# What the task requires
Take every entry below and copy it out word for word.

Phrase grounding data

>>>>

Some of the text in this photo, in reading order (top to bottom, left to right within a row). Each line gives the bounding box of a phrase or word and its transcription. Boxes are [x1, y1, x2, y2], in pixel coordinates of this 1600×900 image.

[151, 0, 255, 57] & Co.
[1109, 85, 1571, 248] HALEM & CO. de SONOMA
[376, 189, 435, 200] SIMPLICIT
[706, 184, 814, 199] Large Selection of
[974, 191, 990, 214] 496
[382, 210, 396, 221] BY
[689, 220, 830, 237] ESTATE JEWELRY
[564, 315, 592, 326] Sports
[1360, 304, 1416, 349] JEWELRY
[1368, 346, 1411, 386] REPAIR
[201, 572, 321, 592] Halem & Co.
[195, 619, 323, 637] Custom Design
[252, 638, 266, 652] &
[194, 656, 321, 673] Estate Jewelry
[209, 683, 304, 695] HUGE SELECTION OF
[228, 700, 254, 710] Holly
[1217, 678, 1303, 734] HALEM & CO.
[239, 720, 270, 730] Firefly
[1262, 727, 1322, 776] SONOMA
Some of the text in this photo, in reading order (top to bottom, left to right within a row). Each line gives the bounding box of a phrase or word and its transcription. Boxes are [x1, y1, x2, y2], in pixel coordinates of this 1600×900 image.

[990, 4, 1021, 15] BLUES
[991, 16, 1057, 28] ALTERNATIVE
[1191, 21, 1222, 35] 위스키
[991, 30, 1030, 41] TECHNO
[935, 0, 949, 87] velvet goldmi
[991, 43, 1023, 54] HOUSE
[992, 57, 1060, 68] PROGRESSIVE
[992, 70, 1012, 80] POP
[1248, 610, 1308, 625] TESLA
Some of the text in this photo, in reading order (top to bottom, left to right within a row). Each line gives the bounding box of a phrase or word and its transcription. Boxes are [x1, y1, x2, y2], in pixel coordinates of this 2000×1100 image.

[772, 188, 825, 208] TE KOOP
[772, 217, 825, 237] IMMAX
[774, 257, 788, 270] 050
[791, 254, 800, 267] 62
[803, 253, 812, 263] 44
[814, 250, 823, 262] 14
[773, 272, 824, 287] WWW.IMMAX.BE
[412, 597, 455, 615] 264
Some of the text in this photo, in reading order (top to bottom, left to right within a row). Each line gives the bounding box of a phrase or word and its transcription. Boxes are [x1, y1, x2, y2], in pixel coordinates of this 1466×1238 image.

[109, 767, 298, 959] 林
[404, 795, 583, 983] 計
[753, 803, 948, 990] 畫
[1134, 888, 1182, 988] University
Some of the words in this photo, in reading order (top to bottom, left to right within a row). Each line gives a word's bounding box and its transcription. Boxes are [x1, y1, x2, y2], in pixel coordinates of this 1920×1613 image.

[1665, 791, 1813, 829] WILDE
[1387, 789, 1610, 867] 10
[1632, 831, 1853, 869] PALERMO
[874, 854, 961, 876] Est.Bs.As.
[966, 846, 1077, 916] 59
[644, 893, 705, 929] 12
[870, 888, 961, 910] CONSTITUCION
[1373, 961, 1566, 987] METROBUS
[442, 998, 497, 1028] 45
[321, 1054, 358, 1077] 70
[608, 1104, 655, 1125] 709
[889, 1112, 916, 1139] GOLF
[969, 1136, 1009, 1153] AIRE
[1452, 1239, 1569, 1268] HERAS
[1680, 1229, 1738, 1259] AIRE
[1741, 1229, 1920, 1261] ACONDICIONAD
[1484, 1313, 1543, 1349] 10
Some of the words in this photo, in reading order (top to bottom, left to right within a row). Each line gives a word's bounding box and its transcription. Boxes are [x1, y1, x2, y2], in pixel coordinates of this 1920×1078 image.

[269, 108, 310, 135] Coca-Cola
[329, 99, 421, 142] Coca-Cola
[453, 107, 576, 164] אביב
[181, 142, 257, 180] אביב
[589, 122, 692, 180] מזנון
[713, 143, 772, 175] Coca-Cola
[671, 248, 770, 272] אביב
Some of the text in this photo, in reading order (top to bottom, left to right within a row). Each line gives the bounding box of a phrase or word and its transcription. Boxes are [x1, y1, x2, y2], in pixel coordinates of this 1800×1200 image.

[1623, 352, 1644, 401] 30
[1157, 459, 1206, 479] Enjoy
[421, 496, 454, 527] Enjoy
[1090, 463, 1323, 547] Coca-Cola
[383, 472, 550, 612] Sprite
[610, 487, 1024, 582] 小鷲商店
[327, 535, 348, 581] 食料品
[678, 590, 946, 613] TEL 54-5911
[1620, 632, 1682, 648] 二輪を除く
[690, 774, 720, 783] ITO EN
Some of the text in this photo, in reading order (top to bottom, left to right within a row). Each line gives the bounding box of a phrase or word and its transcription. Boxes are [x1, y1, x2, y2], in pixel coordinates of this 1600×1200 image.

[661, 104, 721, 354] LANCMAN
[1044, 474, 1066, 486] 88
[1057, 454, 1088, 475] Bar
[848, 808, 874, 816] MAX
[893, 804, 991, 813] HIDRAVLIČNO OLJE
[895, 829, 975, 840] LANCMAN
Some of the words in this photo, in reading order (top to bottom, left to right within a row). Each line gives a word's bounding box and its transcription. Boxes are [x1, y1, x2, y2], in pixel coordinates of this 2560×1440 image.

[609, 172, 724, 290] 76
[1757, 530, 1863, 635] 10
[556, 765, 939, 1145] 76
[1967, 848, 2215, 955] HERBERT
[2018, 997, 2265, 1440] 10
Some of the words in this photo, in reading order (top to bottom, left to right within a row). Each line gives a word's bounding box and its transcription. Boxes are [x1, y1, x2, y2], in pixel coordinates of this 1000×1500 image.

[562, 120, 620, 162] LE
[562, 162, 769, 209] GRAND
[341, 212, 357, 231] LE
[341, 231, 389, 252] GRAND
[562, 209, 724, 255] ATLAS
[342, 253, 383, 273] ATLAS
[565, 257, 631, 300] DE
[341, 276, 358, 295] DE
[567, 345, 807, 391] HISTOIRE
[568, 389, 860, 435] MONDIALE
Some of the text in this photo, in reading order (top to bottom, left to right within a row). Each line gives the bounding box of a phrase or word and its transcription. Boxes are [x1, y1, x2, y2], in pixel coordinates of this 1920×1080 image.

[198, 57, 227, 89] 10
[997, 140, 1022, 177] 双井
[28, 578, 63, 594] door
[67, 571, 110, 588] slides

<<<<

# Completed exercise
Some of the text in this photo, in reading order (top to bottom, left to right within a row). Each line gives the bounding box of a phrase or word and its transcription. Boxes are [x1, y1, x2, y2], in pixel coordinates of this 1600×900 image.

[151, 0, 255, 57] & Co.
[1109, 85, 1571, 248] HALEM & CO. de SONOMA
[376, 189, 435, 200] SIMPLICIT
[706, 184, 814, 199] Large Selection of
[974, 191, 990, 214] 496
[382, 210, 396, 221] BY
[689, 220, 830, 237] ESTATE JEWELRY
[564, 315, 592, 326] Sports
[1360, 304, 1416, 349] JEWELRY
[1368, 346, 1411, 386] REPAIR
[201, 572, 321, 592] Halem & Co.
[195, 619, 323, 637] Custom Design
[252, 638, 266, 652] &
[194, 656, 321, 673] Estate Jewelry
[209, 683, 304, 695] HUGE SELECTION OF
[228, 700, 254, 710] Holly
[1217, 678, 1303, 734] HALEM & CO.
[239, 720, 270, 730] Firefly
[1262, 727, 1322, 776] SONOMA
Some of the text in this photo, in reading order (top to bottom, left to right within a row). Each line gives the bounding box of a phrase or word and its transcription. Boxes are [x1, y1, x2, y2], in pixel coordinates of this 1600×900 image.

[990, 4, 1021, 15] BLUES
[991, 16, 1057, 28] ALTERNATIVE
[1191, 21, 1222, 35] 위스키
[991, 30, 1030, 41] TECHNO
[935, 0, 949, 87] velvet goldmi
[991, 43, 1023, 54] HOUSE
[992, 57, 1060, 68] PROGRESSIVE
[992, 70, 1012, 80] POP
[1248, 610, 1308, 625] TESLA
Some of the text in this photo, in reading order (top to bottom, left to right within a row). Each line gives the bounding box of a phrase or word and its transcription. Boxes are [x1, y1, x2, y2], in pixel coordinates of this 2000×1100 image.

[772, 188, 825, 208] TE KOOP
[772, 217, 825, 237] IMMAX
[774, 257, 788, 270] 050
[791, 254, 800, 267] 62
[803, 253, 812, 263] 44
[814, 250, 823, 262] 14
[773, 272, 824, 287] WWW.IMMAX.BE
[412, 597, 455, 615] 264
Some of the text in this photo, in reading order (top to bottom, left to right within a row). Each line gives the bounding box of a phrase or word and its transcription. Boxes are [x1, y1, x2, y2], in pixel coordinates of this 1466×1238 image.

[109, 767, 298, 959] 林
[404, 795, 583, 983] 計
[753, 803, 948, 990] 畫
[1134, 888, 1182, 988] University
Some of the words in this photo, in reading order (top to bottom, left to right within a row). Each line gives a word's bounding box and its transcription. Boxes are [x1, y1, x2, y2], in pixel coordinates of this 1920×1613 image.

[1665, 791, 1813, 829] WILDE
[1387, 789, 1610, 867] 10
[1632, 831, 1853, 869] PALERMO
[874, 854, 961, 876] Est.Bs.As.
[966, 846, 1077, 916] 59
[644, 893, 705, 929] 12
[870, 888, 961, 910] CONSTITUCION
[1373, 961, 1566, 987] METROBUS
[442, 998, 497, 1028] 45
[321, 1054, 358, 1077] 70
[608, 1104, 655, 1125] 709
[889, 1112, 916, 1139] GOLF
[969, 1136, 1009, 1153] AIRE
[1452, 1239, 1569, 1268] HERAS
[1680, 1229, 1738, 1259] AIRE
[1741, 1229, 1920, 1261] ACONDICIONAD
[1484, 1313, 1543, 1349] 10
Some of the words in this photo, in reading order (top to bottom, left to right within a row). Each line gives a word's bounding box and its transcription. Boxes are [x1, y1, x2, y2], in pixel coordinates of this 1920×1078 image.

[269, 108, 310, 135] Coca-Cola
[329, 99, 421, 142] Coca-Cola
[453, 107, 576, 164] אביב
[181, 142, 257, 180] אביב
[589, 122, 692, 180] מזנון
[713, 143, 772, 175] Coca-Cola
[671, 248, 770, 272] אביב
Some of the text in this photo, in reading order (top to bottom, left to right within a row). Each line gives the bounding box of a phrase or word and its transcription. Boxes are [x1, y1, x2, y2], in pixel coordinates of this 1800×1200 image.

[1623, 352, 1644, 401] 30
[1157, 459, 1206, 479] Enjoy
[421, 496, 454, 527] Enjoy
[1090, 463, 1323, 547] Coca-Cola
[383, 472, 550, 612] Sprite
[610, 487, 1024, 582] 小鷲商店
[327, 535, 348, 581] 食料品
[678, 590, 946, 613] TEL 54-5911
[1620, 632, 1682, 648] 二輪を除く
[690, 774, 720, 783] ITO EN
Some of the text in this photo, in reading order (top to bottom, left to right within a row). Each line gives the bounding box of a phrase or word and its transcription. Boxes are [x1, y1, x2, y2], in pixel coordinates of this 1600×1200 image.

[661, 104, 721, 354] LANCMAN
[1044, 474, 1066, 486] 88
[1057, 454, 1088, 475] Bar
[848, 808, 874, 816] MAX
[893, 804, 991, 813] HIDRAVLIČNO OLJE
[895, 829, 975, 840] LANCMAN
Some of the words in this photo, in reading order (top to bottom, left to right within a row). Each line gives a word's bounding box and its transcription. Boxes are [x1, y1, x2, y2], in pixel coordinates of this 2560×1440 image.

[609, 172, 724, 290] 76
[1757, 530, 1863, 635] 10
[556, 765, 939, 1145] 76
[1967, 848, 2215, 955] HERBERT
[2018, 997, 2265, 1440] 10
Some of the words in this photo, in reading order (top to bottom, left to right within a row). Each line gives a word's bounding box and its transcription. Boxes are [x1, y1, x2, y2], in pixel coordinates of this 1000×1500 image.

[562, 120, 620, 162] LE
[562, 162, 769, 209] GRAND
[341, 212, 357, 231] LE
[341, 231, 389, 252] GRAND
[562, 209, 724, 255] ATLAS
[342, 253, 383, 273] ATLAS
[565, 257, 631, 300] DE
[341, 276, 358, 295] DE
[567, 345, 807, 391] HISTOIRE
[568, 389, 860, 435] MONDIALE
Some of the text in this photo, in reading order (top to bottom, left to right within a row). Each line gives the bounding box of a phrase or word and its transcription. Boxes are [x1, y1, x2, y2], in pixel coordinates of this 1920×1080 image.

[198, 57, 227, 89] 10
[997, 140, 1022, 177] 双井
[28, 578, 63, 594] door
[67, 571, 110, 588] slides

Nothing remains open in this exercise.